Wednesday, September 16, 2015

The nutty professor makes the grade -- Sept. 17, 2015 column

By MARSHA MERCER

In the first “Back to the Future” movie, time-traveling teen Marty McFly tells his eccentric friend Doc Brown, who’s living in the 1950s, that in 1985 Ronald Reagan is president.

“Ronald Reagan the actor?” Doc Brown asks incredulously. “Then who’s vice president—Jerry Lewis?”

That was a big laugh line 30 years ago. The former actor actually had become president, and everybody knew that funny man Jerry Lewis was unsuited to be vice president.

Those were the blissful days before Donald Trump. We’ll consider his comic possibilities another time.  

Today, many young people don’t even know that Reagan was an actor. Jerry Lewis, though, remains one of the most durable entertainers of the last century. Among his movie hits: “The Nutty Professor,” “The Errand Boy” and “The Bell Boy.”

The guy’s a survivor, literally. He has weathered two heart attacks, prostate cancer, diabetes and other health problems.

At 89, he’s still working, performing on stage and on screen. He plays Nicolas Cage’s dad in an upcoming crime thriller movie, “The Trust,” and recently signed on to appear in a National Lampoon flick, “Dead Serious.” He was the lead in “Max Rose,” a 2013 dramatic film. Critics say his stage show these days verges on the insulting, and they haven’t warmed to the serious Lewis. 

No matter. The Library of Congress announced Monday that it will preserve Lewis’ comedic contributions to American life in perpetuity. It has acquired more than 1,000 items -- films, TV clips and paper documents -- spanning Lewis’ career of more than 70 years.

“This collection will give the world a more complete picture of his life as a performer, director, producer, writer, recording artist, author, educator and philanthropist,” said James Billington, the Librarian of Congress.

The Jerry Lewis Collection includes films of TV and nightclub appearances with and without Dean Martin, home movies, 34-mm prints of his films and movie test footage. It will be in good company. The library has collections of Lucille Ball and Desi Arnaz, Bob Hope and Groucho Marx.   

Collections are stored and preserved at the library’s Packard Campus for Audio Visual Conservation in Culpeper, Va. To celebrate, Lewis will perform Oct. 9 at “An Evening with Jerry Lewis,” a ticketed show at the State Theatre in Culpeper.

Lewis still loves to perform. “If I get more than three people in a room, I do a number,” he said in a statement, adding, “Knowing that the Library of Congress was interested in acquiring my life’s work was one of the biggest thrills of my life.” 

Lewis met Dean Martin in the 1940s when both were performing separately in Atlantic City. They formed a duo club act in which Martin sang and Lewis interrupted with silly remarks. They became “the most popular duo in cinema” in the 1950s, according to the “Historical Dictionary of the Eisenhower Era,” which says that before the two went their separate ways in 1956, they had 17 comedy box office hits.  Martin died in 1995.

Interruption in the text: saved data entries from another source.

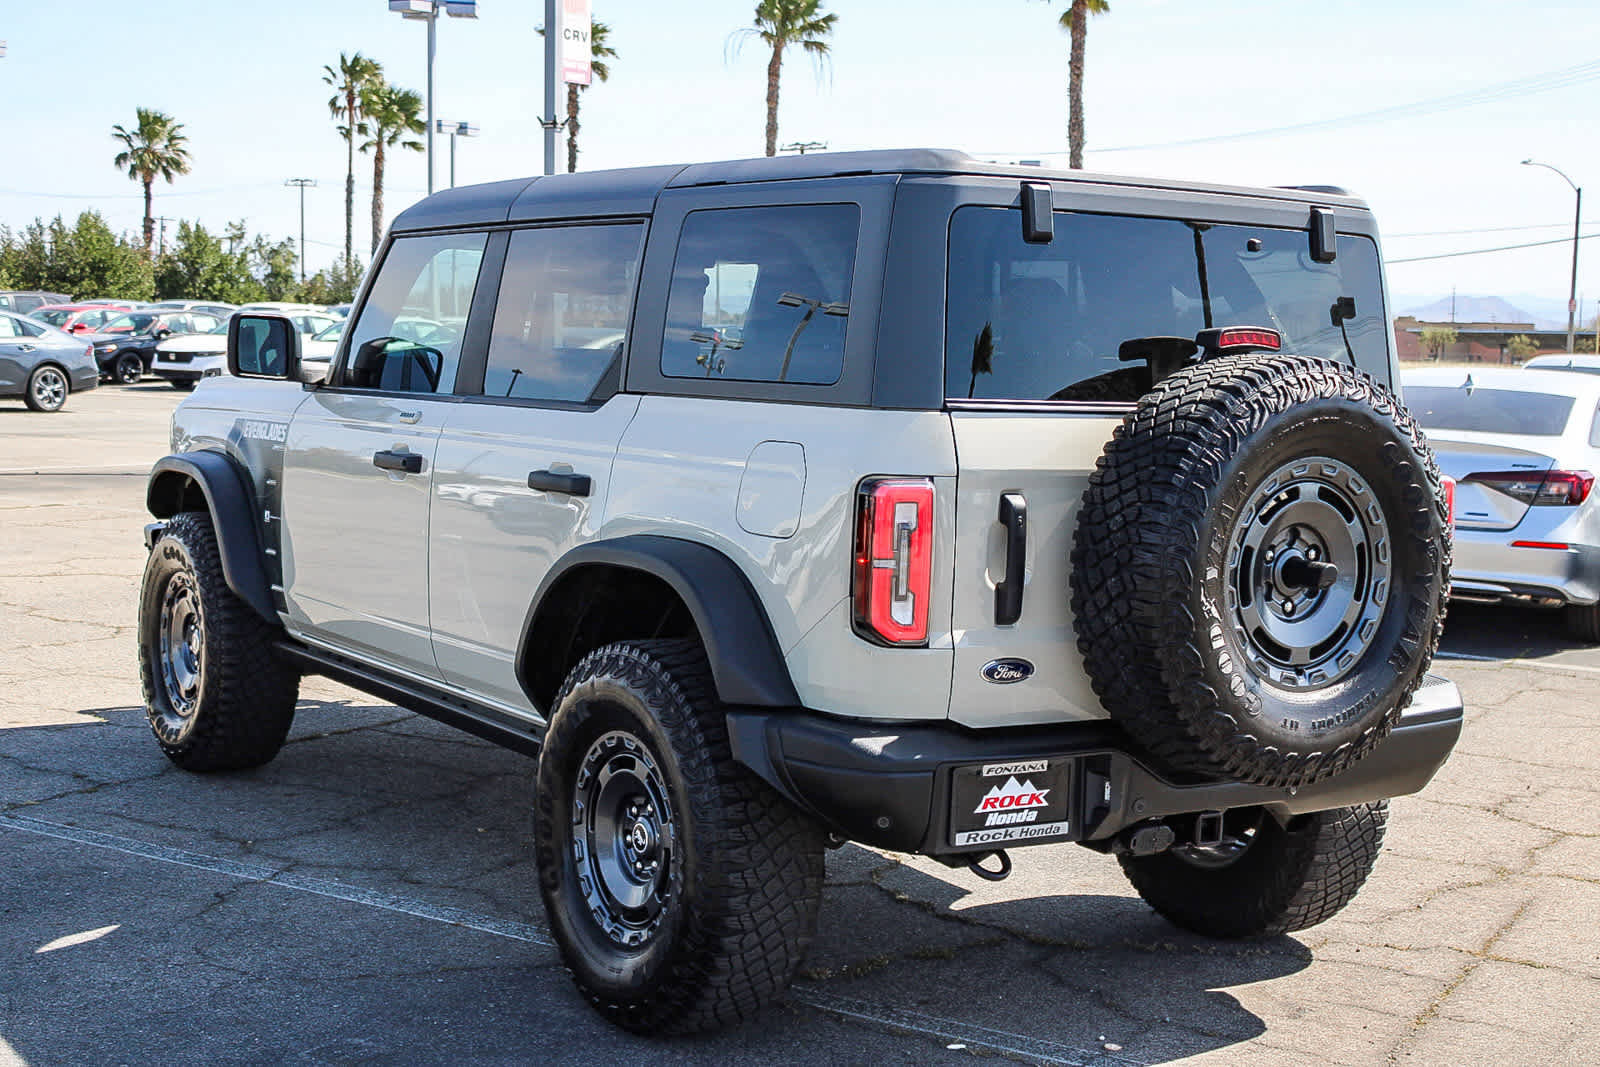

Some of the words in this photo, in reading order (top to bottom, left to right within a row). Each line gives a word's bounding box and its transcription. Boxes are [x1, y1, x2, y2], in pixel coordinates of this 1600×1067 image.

[563, 28, 588, 42] CRV
[986, 762, 1045, 775] FONTANA
[982, 792, 1045, 810] ROCK
[985, 809, 1038, 826] Honda
[966, 830, 1015, 843] Rock
[1019, 824, 1061, 838] Honda

Everybody doesn’t love Lewis – except for the French, who may be his biggest fans. 

The French government gave “the French people’s favorite clown” the Legion of Honor medal on his 80th birthday. Lewis went tie-less, wore slippers and hammed it up with “a virtual slapstick routine,” the Associated Press reported.

In this country, though, he alienated about half the population in 1998 when he said that women can’t be funny.  A woman comic sets him back, he said.

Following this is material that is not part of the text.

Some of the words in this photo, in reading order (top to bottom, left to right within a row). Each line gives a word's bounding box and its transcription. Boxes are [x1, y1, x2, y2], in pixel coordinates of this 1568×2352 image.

“I think of her as a producing machine that brings babies into the world,” he said. He and his first wife had six sons before he divorced her. Lewis later said women could be funny – but not if they were crude.

Lewis and Martin hosted the 1956 Muscular Dystrophy Association telethon, and for the next 55 years Lewis volunteered as the event’s national chairman, raising nearly $2 billion. The association announced the telethon’s end in May.    

To us, Lewis may seem silly and dated, but Americans still desperately need a laugh. Even the Founding Fathers recognized the power of laughter.  

“Trouble knocked at the door, but, hearing laughter, hurried away,” Benjamin Franklin said.

Thanks for the laughs, professor.   

©2015 Marsha Mercer. All rights reserved.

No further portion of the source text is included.